**Instructions for the task:** The response has to reproduce all entries exactly while excluding their pictures.

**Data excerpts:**
■ ■ ■

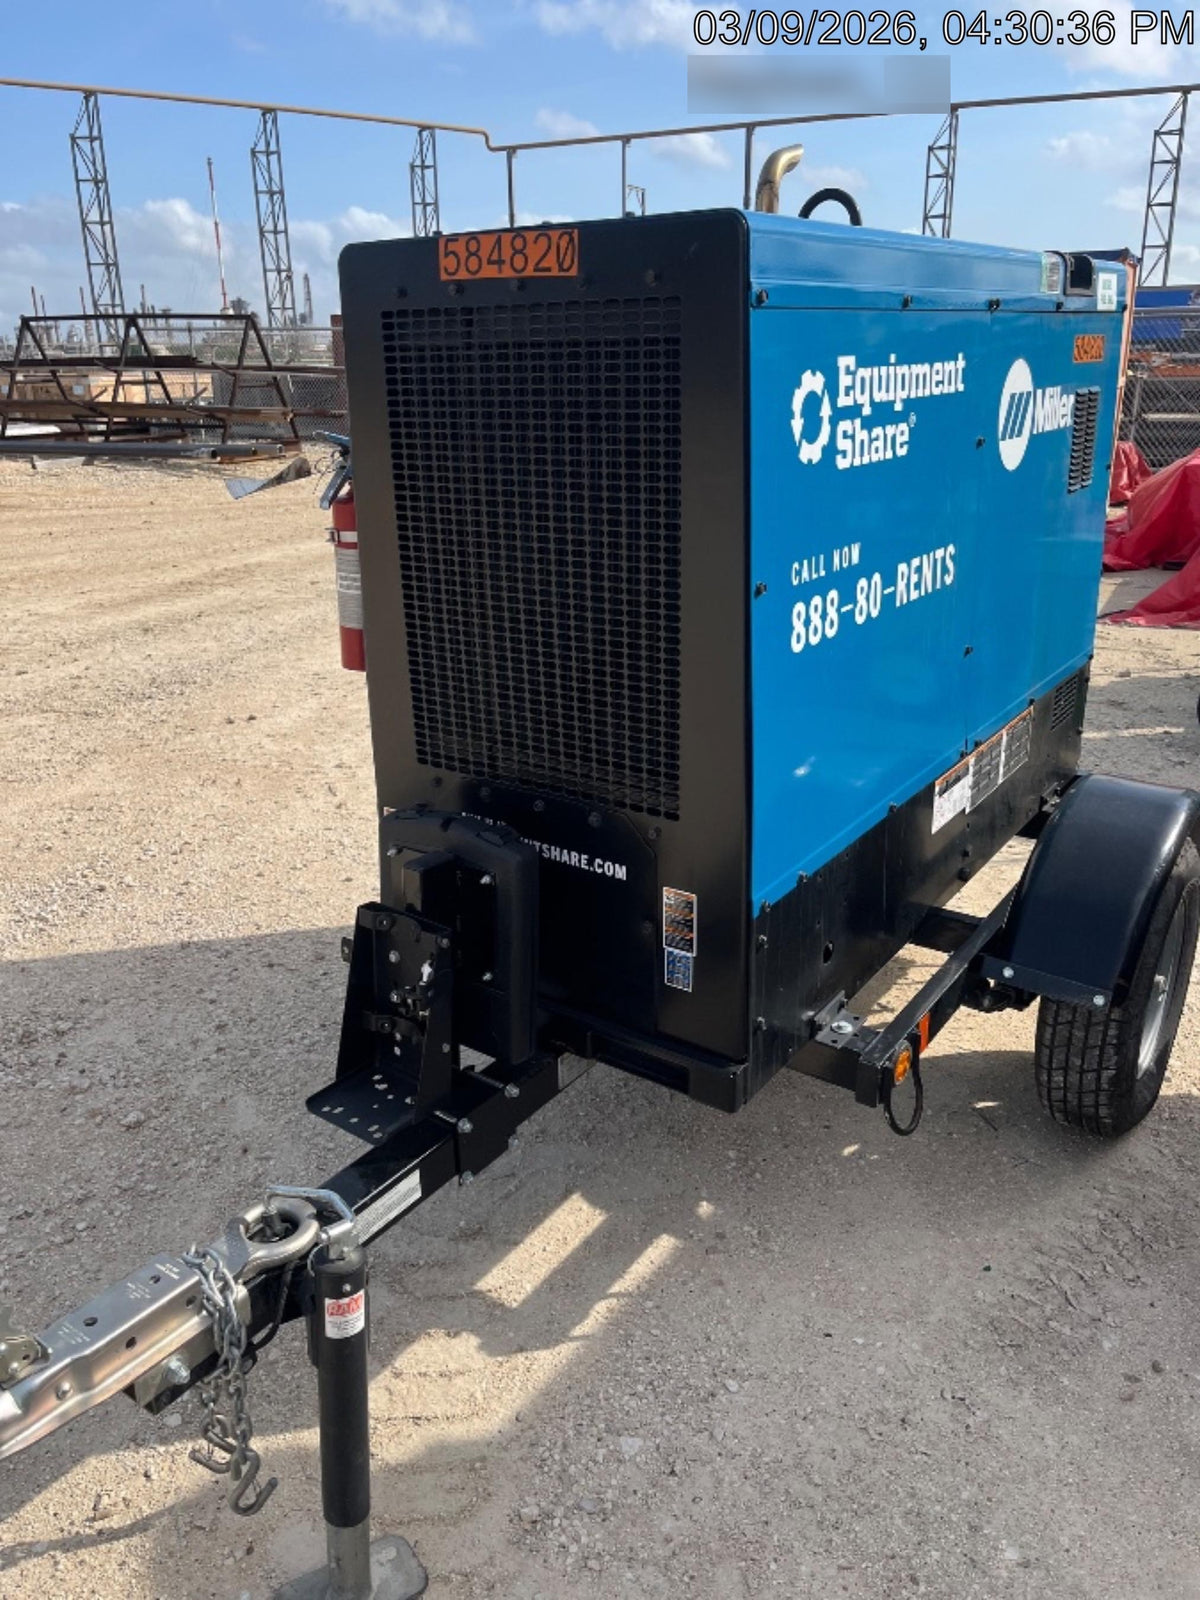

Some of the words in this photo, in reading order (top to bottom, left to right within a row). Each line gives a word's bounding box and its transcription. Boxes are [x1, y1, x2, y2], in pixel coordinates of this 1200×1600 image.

[443, 230, 577, 277] 584820
[836, 352, 966, 416] Equipment
[1032, 386, 1076, 434] Miller
[791, 554, 826, 586] CALL
[833, 542, 862, 572] NOW
[790, 543, 956, 654] 888-80-RENTS
[520, 837, 627, 881] TSHARE.COM
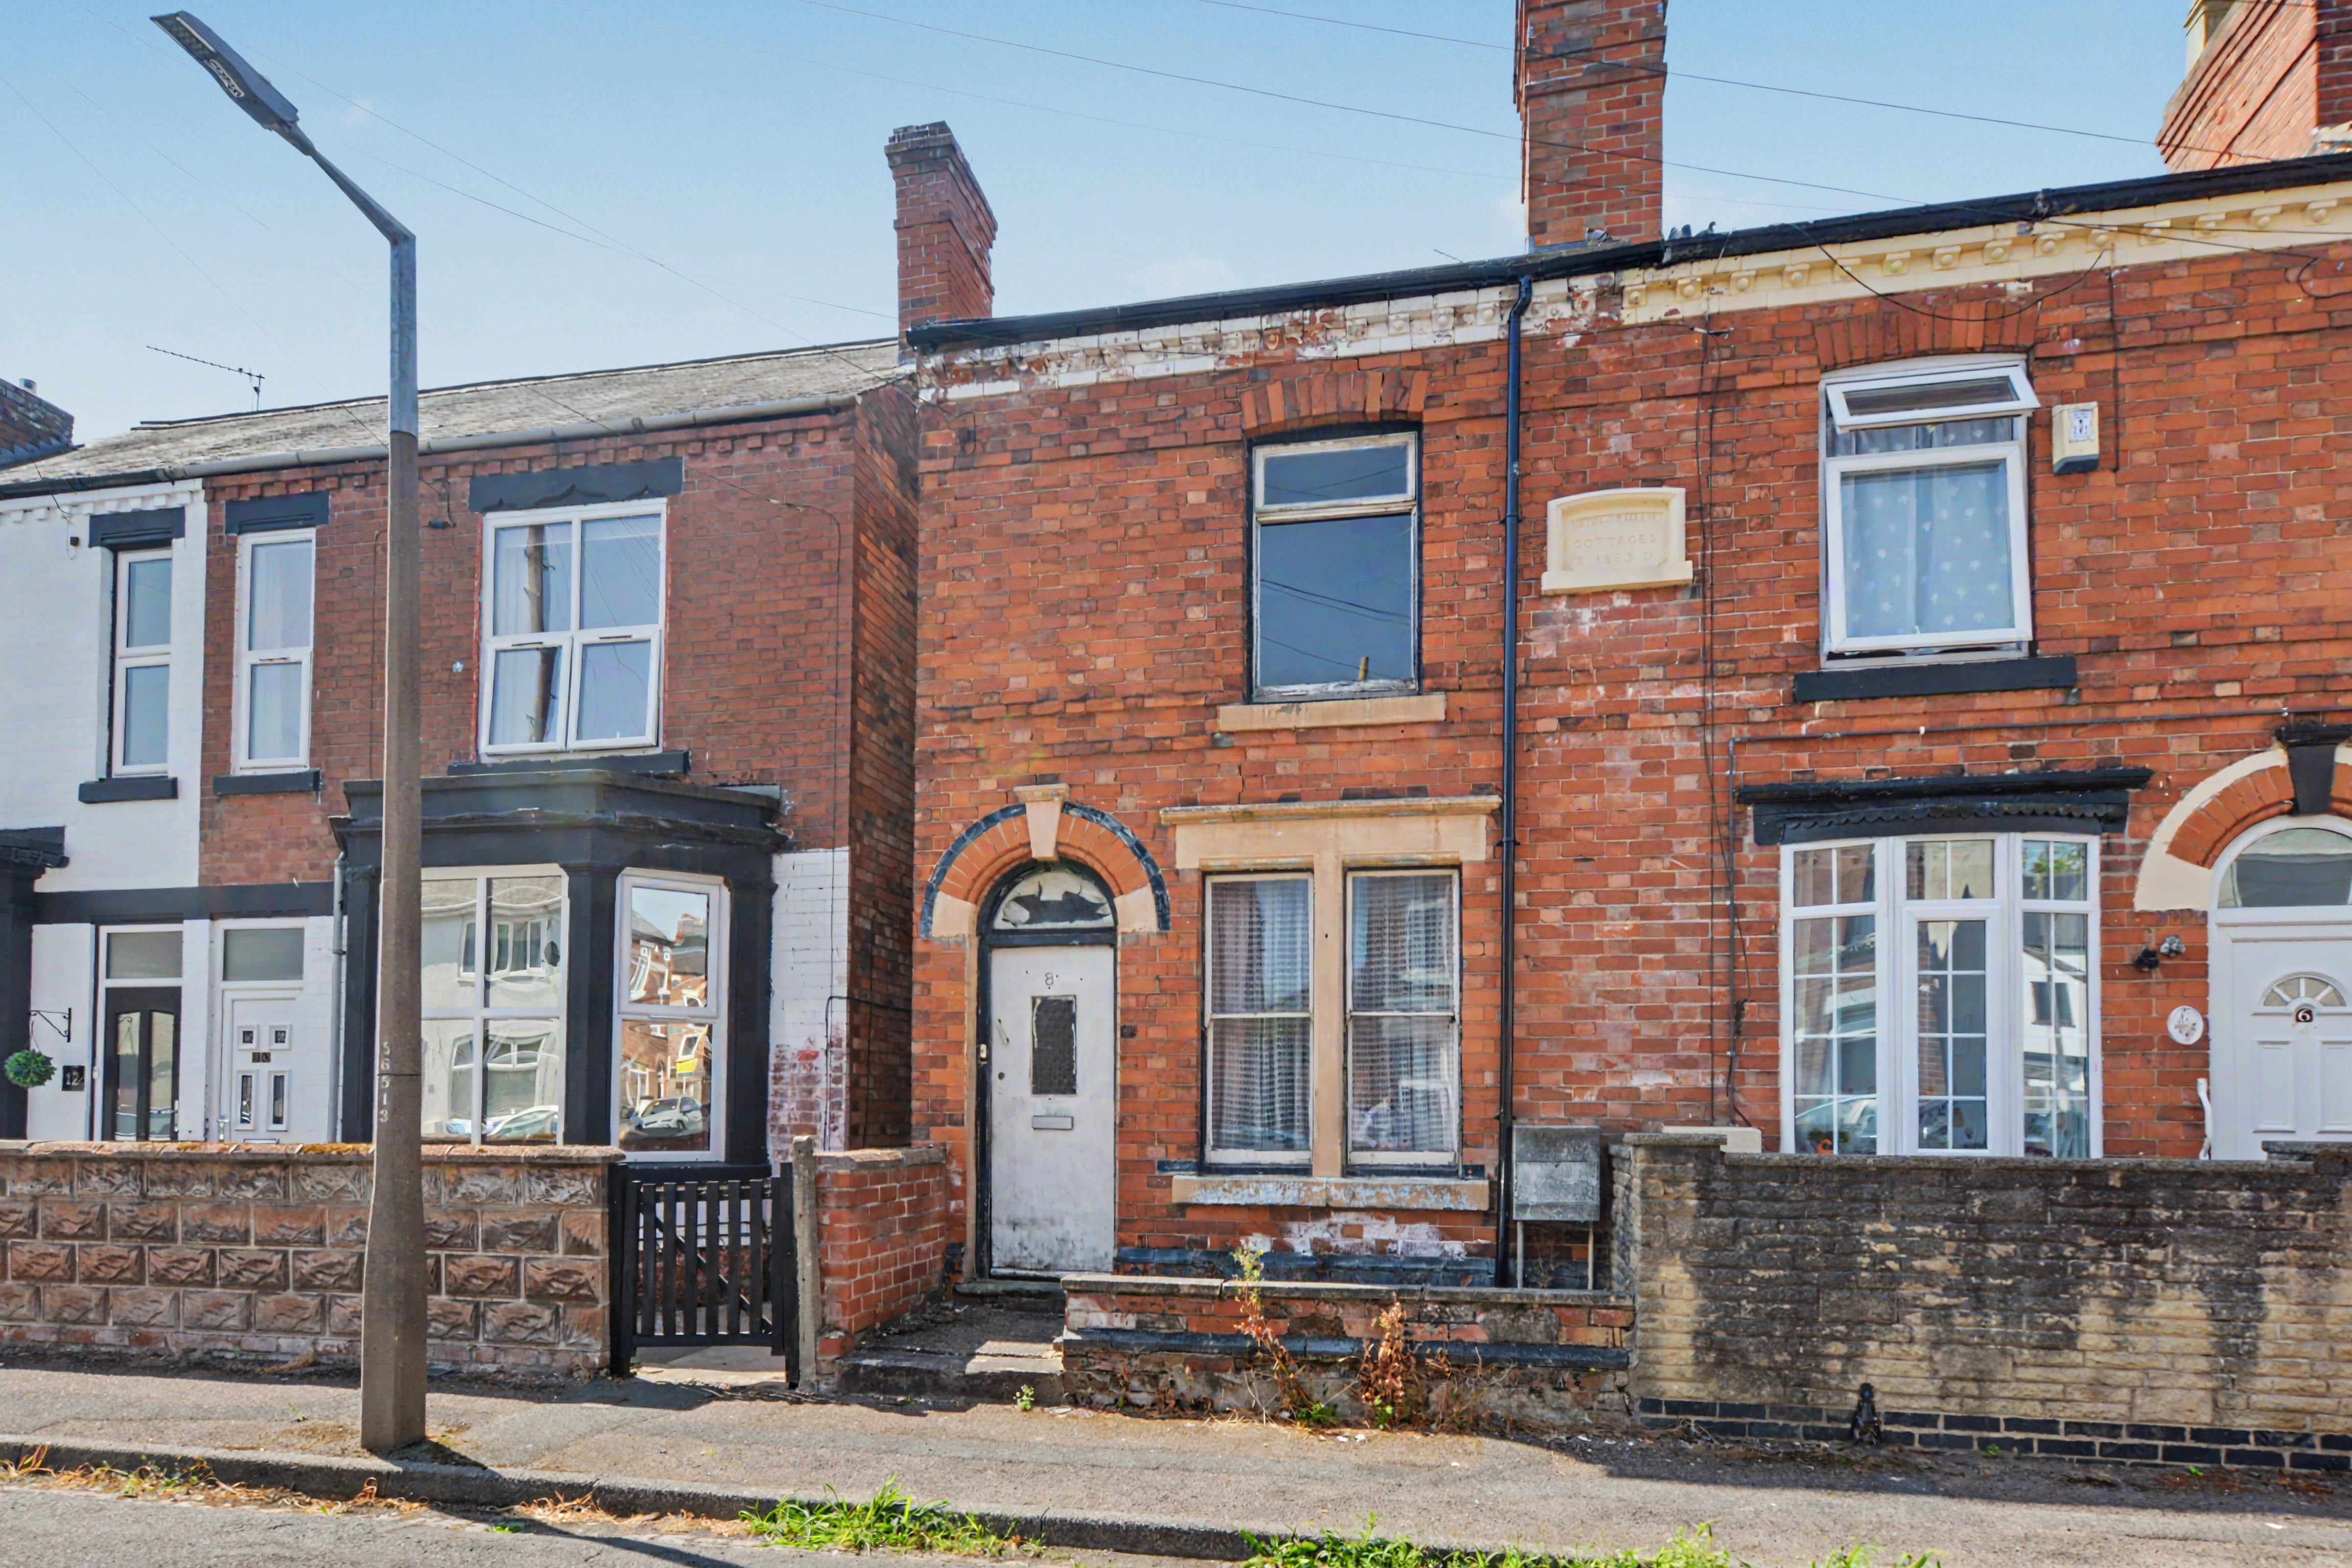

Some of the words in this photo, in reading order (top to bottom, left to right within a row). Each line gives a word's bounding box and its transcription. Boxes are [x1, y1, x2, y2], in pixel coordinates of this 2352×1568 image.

■ ■ ■

**Output:**
Some of the words in this photo, in reading order (top to bottom, left to right within a row). Each line gives a word's bounding box and its transcription. Boxes are [x1, y1, x2, y2], in pixel coordinates of this 1200×1600 image.

[443, 230, 577, 277] 584820
[836, 352, 966, 416] Equipment
[1032, 386, 1076, 434] Miller
[791, 554, 826, 586] CALL
[833, 542, 862, 572] NOW
[790, 543, 956, 654] 888-80-RENTS
[520, 837, 627, 881] TSHARE.COM

Some of the words in this photo, in reading order (top to bottom, left to right within a row). Each line gives a word's bounding box and its transcription. Boxes are [x1, y1, x2, y2], in pixel coordinates of this 2352×1568 image.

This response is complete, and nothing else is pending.